▶ _TASK GOAL_
Without including any pictures, give back all of the data exactly.

▶ _RECORDS PROVIDED_
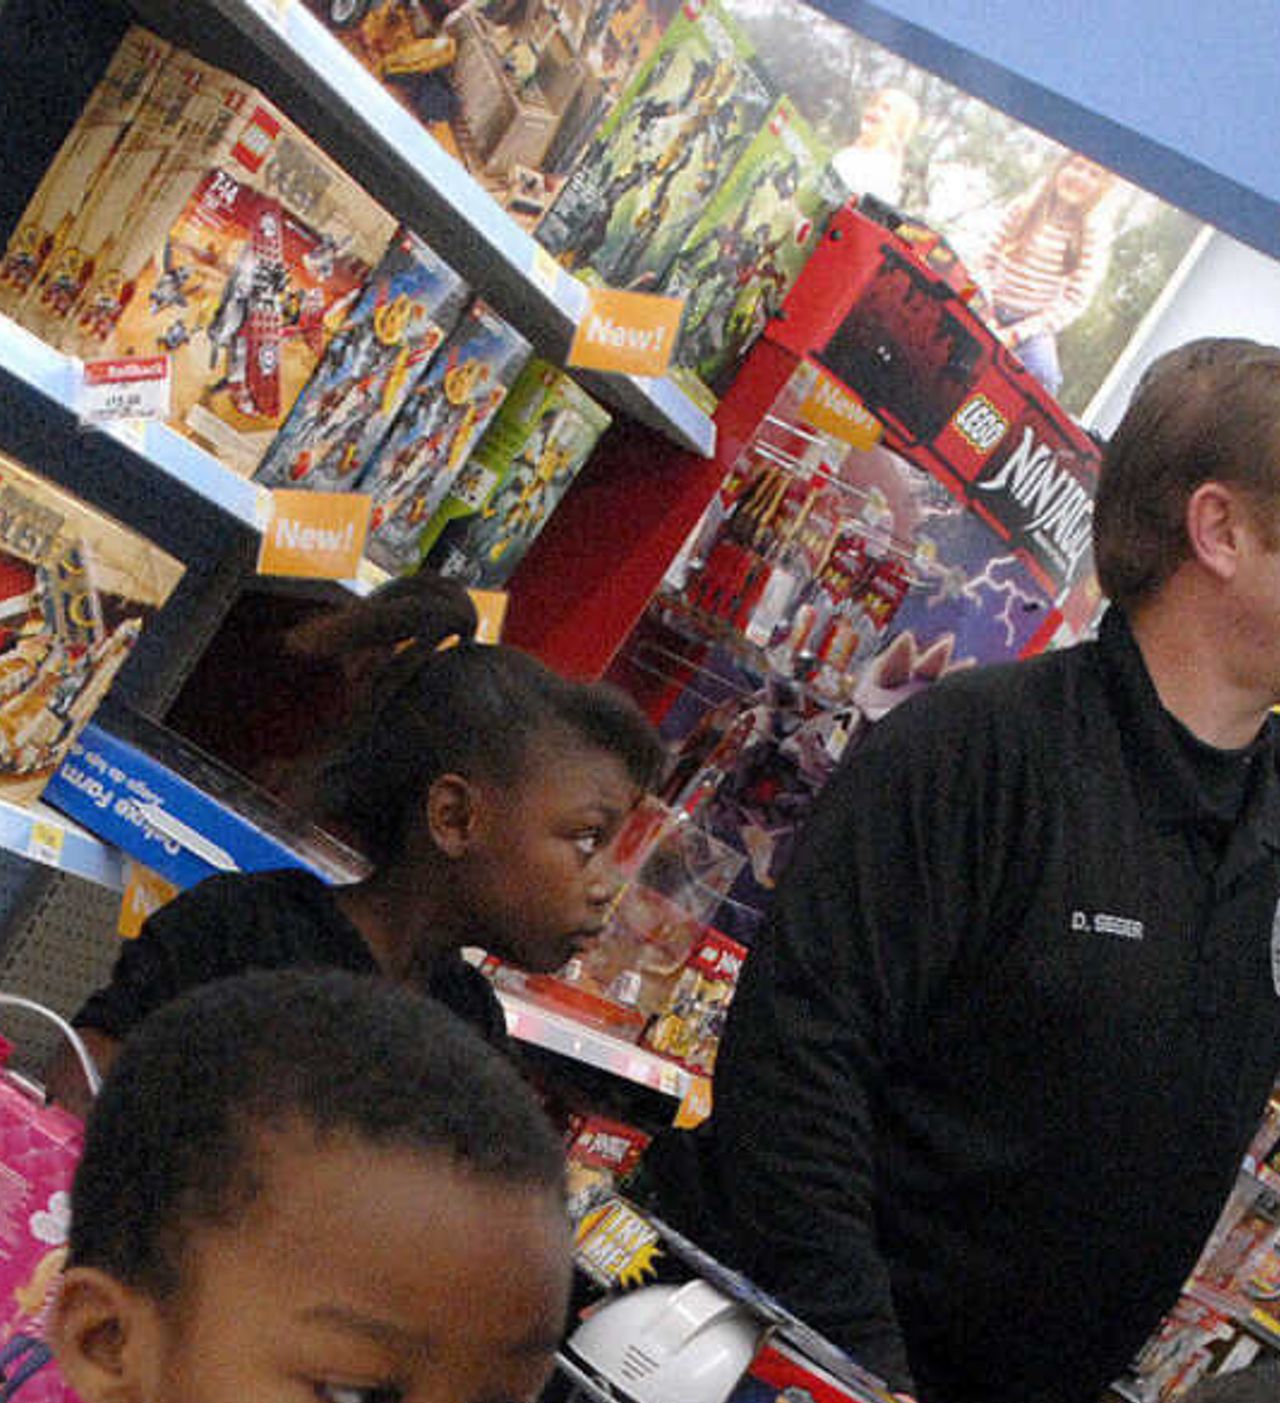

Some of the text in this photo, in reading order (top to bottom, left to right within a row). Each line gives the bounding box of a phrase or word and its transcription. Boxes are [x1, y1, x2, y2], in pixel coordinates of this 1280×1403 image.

[585, 312, 666, 351] New!
[956, 398, 1008, 452] LEGO
[275, 509, 355, 555] New!
[59, 761, 116, 812] Farm
[1071, 911, 1091, 932] D.

▶ _SOLUTION TO THIS PROBLEM_
Some of the text in this photo, in reading order (top to bottom, left to right within a row). Each line gives the bounding box of a phrase or word and its transcription. Boxes are [x1, y1, x2, y2], in pixel coordinates of this 1280×1403 image.

[585, 312, 666, 351] New!
[956, 398, 1008, 452] LEGO
[275, 509, 355, 555] New!
[59, 761, 116, 812] Farm
[1071, 911, 1091, 932] D.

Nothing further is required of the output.